# EXERCISE INSTRUCTIONS:
Once you find the line below that contains "this 2352×1568 image.", write it out along with every later line exactly as given, stopping only when the records end. Omit the pictures.

Annotated photo localization data
┌──
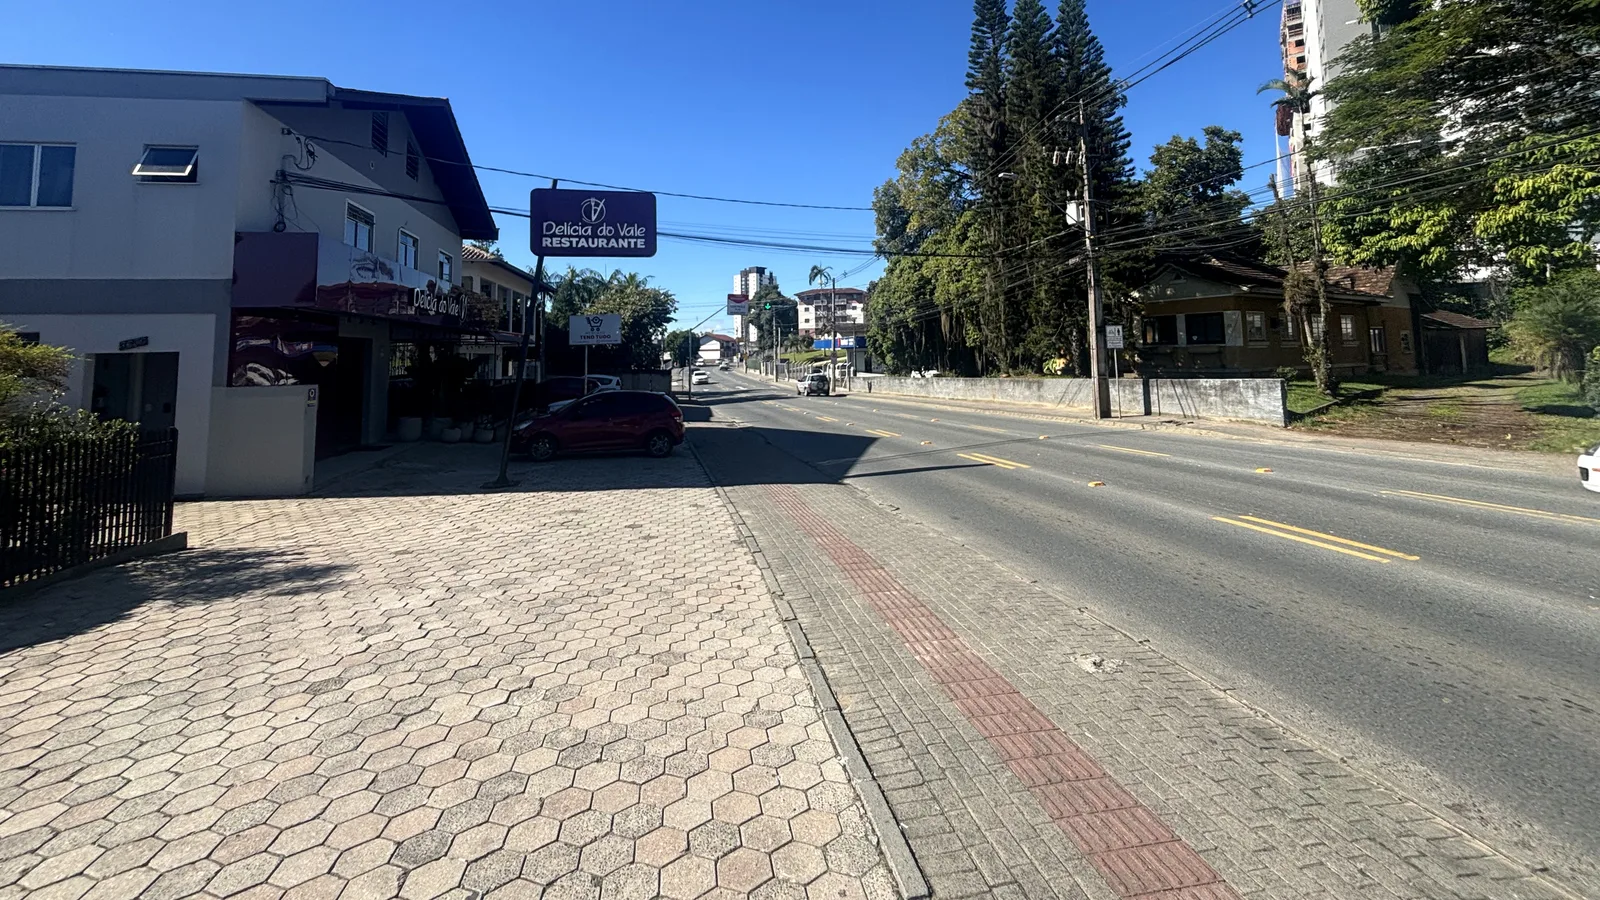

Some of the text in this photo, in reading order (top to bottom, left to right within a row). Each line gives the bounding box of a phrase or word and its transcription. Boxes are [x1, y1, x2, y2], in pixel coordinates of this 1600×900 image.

[542, 221, 646, 237] Delícia do Vale
[542, 237, 646, 248] RESTAURANTE
[438, 294, 447, 313] do
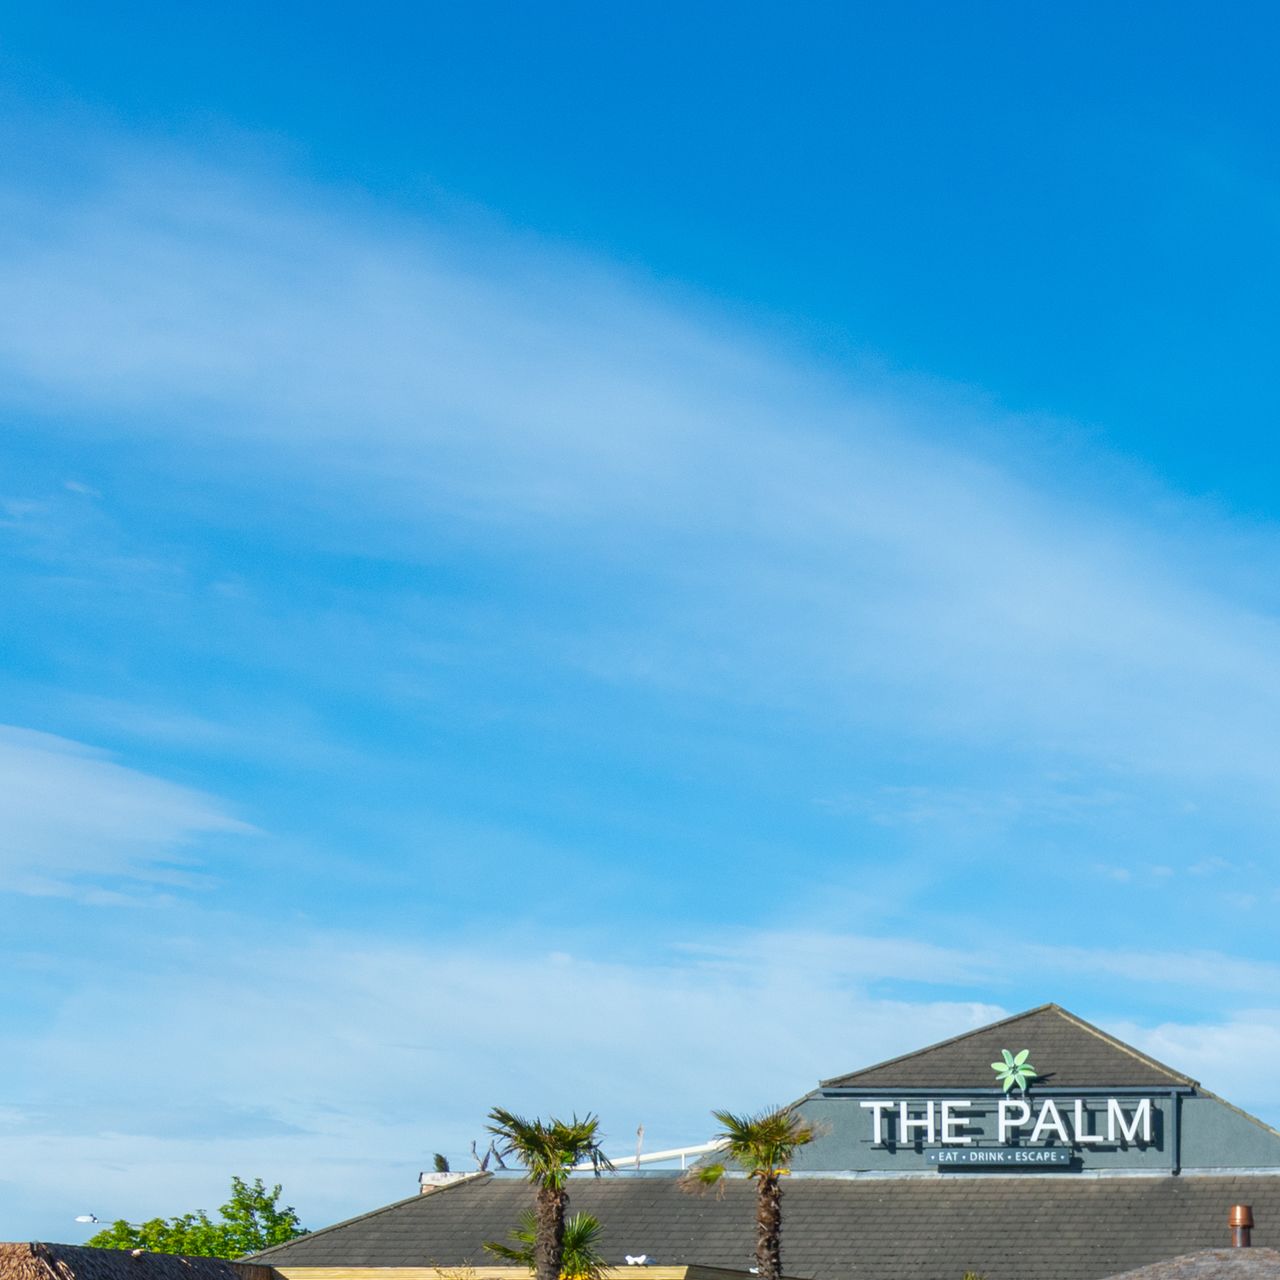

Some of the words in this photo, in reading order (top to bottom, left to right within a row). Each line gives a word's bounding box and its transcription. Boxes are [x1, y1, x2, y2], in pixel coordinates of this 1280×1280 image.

[860, 1100, 972, 1144] THE
[998, 1098, 1152, 1143] PALM
[938, 1151, 958, 1162] EAT
[969, 1151, 1005, 1162] DRINK
[1015, 1151, 1057, 1162] ESCAPE
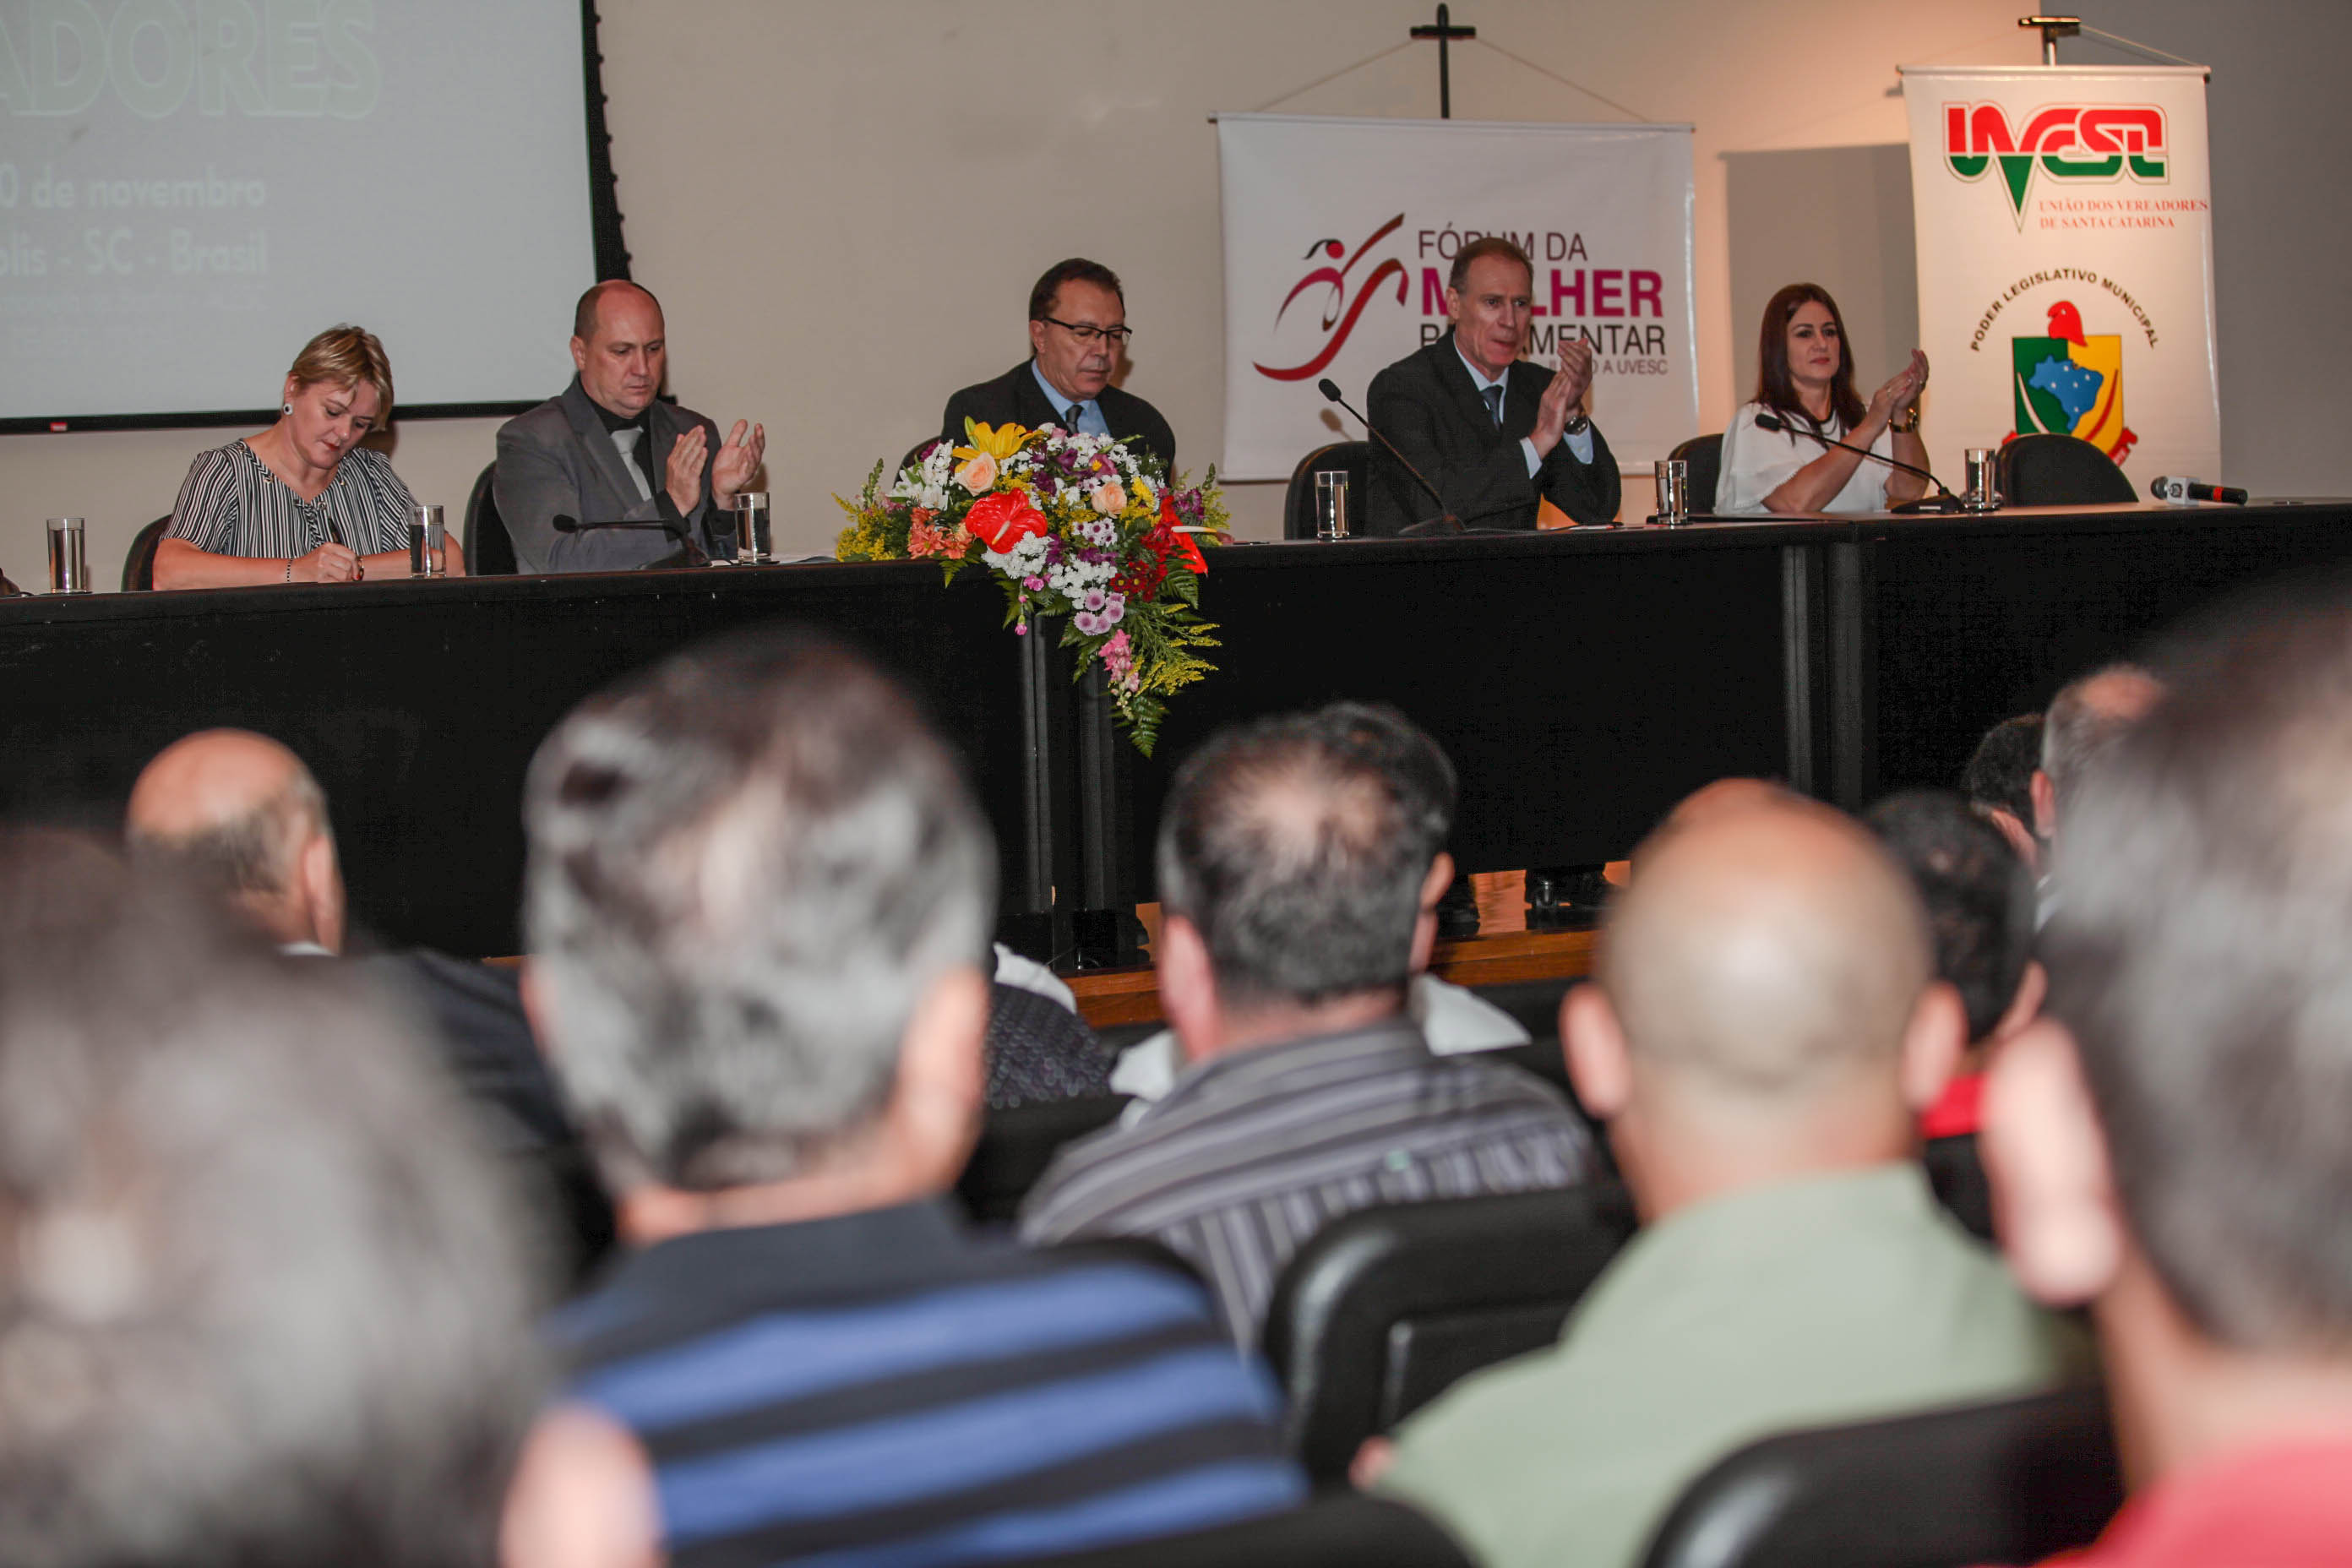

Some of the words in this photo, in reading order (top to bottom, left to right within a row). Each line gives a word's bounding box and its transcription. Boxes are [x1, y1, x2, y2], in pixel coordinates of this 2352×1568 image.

[30, 163, 74, 210] de
[87, 165, 266, 209] novembro
[2039, 197, 2084, 211] UNIÃO
[2088, 199, 2113, 211] DOS
[2115, 198, 2209, 211] VEREADORES
[1418, 220, 1534, 260] FÓM
[1546, 232, 1587, 261] DA
[2039, 216, 2057, 229] DE
[2061, 216, 2106, 229] SANTA
[2108, 216, 2175, 229] CATARINA
[84, 228, 134, 275] SC
[169, 229, 269, 274] Brasil
[1970, 301, 2004, 352] PODER
[2002, 268, 2098, 302] LEGISLATIVO
[2101, 277, 2159, 349] MUNICIPAL
[1603, 359, 1614, 374] A
[1617, 358, 1669, 374] UVESC
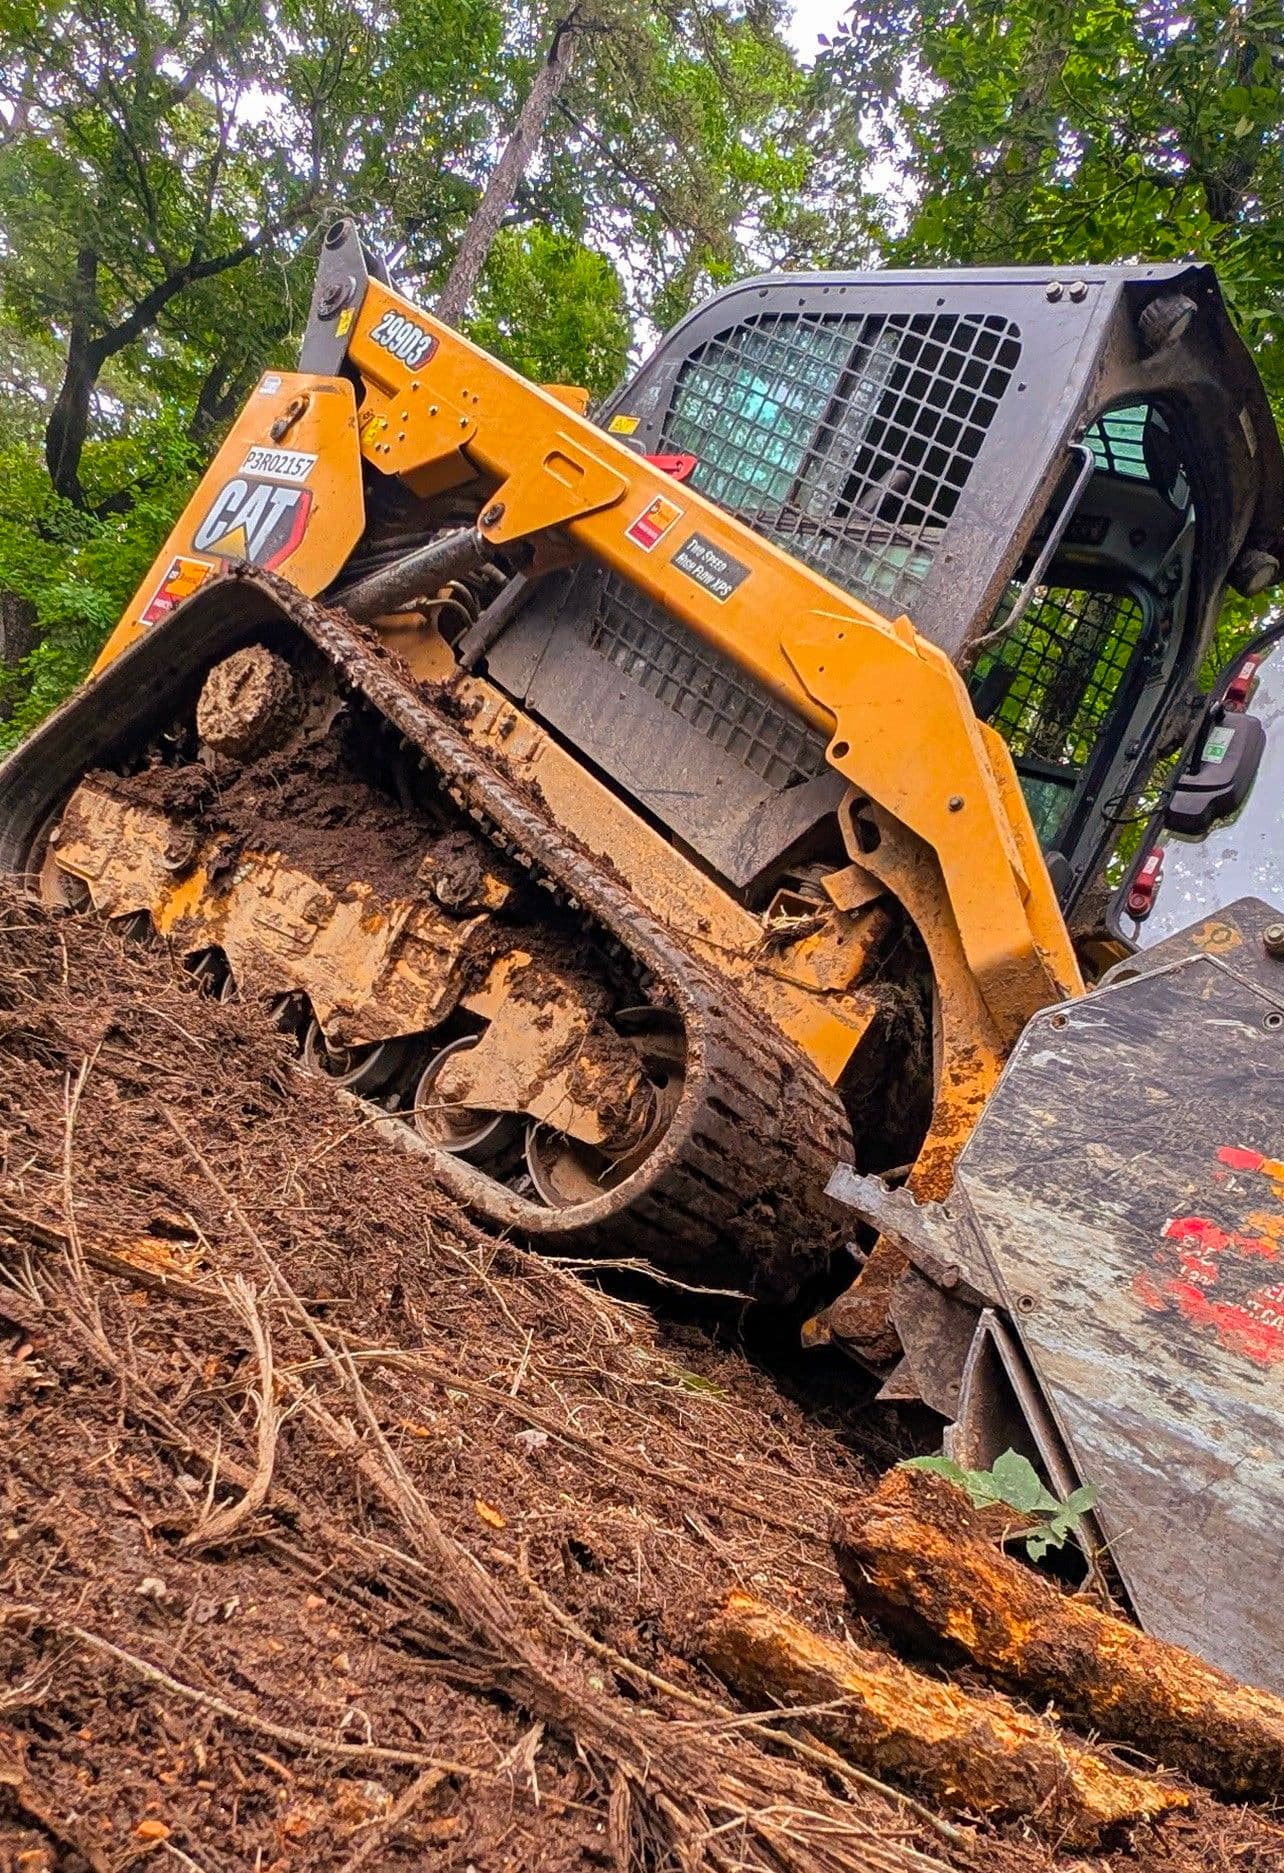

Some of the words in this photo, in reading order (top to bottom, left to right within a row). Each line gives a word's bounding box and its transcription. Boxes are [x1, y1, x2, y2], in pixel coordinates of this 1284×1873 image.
└──
# SOLUTION FOR THIS PROBLEM:
Some of the words in this photo, in reading order (top to bottom, left to right within a row). Each line gives a word's bounding box and its transcription. Boxes are [x1, y1, x2, y2], in pixel coordinates of this 2352×1568 image.

[30, 163, 74, 210] de
[87, 165, 266, 209] novembro
[2039, 197, 2084, 211] UNIÃO
[2088, 199, 2113, 211] DOS
[2115, 198, 2209, 211] VEREADORES
[1418, 220, 1534, 260] FÓM
[1546, 232, 1587, 261] DA
[2039, 216, 2057, 229] DE
[2061, 216, 2106, 229] SANTA
[2108, 216, 2175, 229] CATARINA
[84, 228, 134, 275] SC
[169, 229, 269, 274] Brasil
[1970, 301, 2004, 352] PODER
[2002, 268, 2098, 302] LEGISLATIVO
[2101, 277, 2159, 349] MUNICIPAL
[1603, 359, 1614, 374] A
[1617, 358, 1669, 374] UVESC

Some of the words in this photo, in reading order (top to bottom, left to right within a row). Each line gives a word's bounding box and its transcription. Boxes are [x1, y1, x2, y2], in pixel coordinates of this 1284×1873 image.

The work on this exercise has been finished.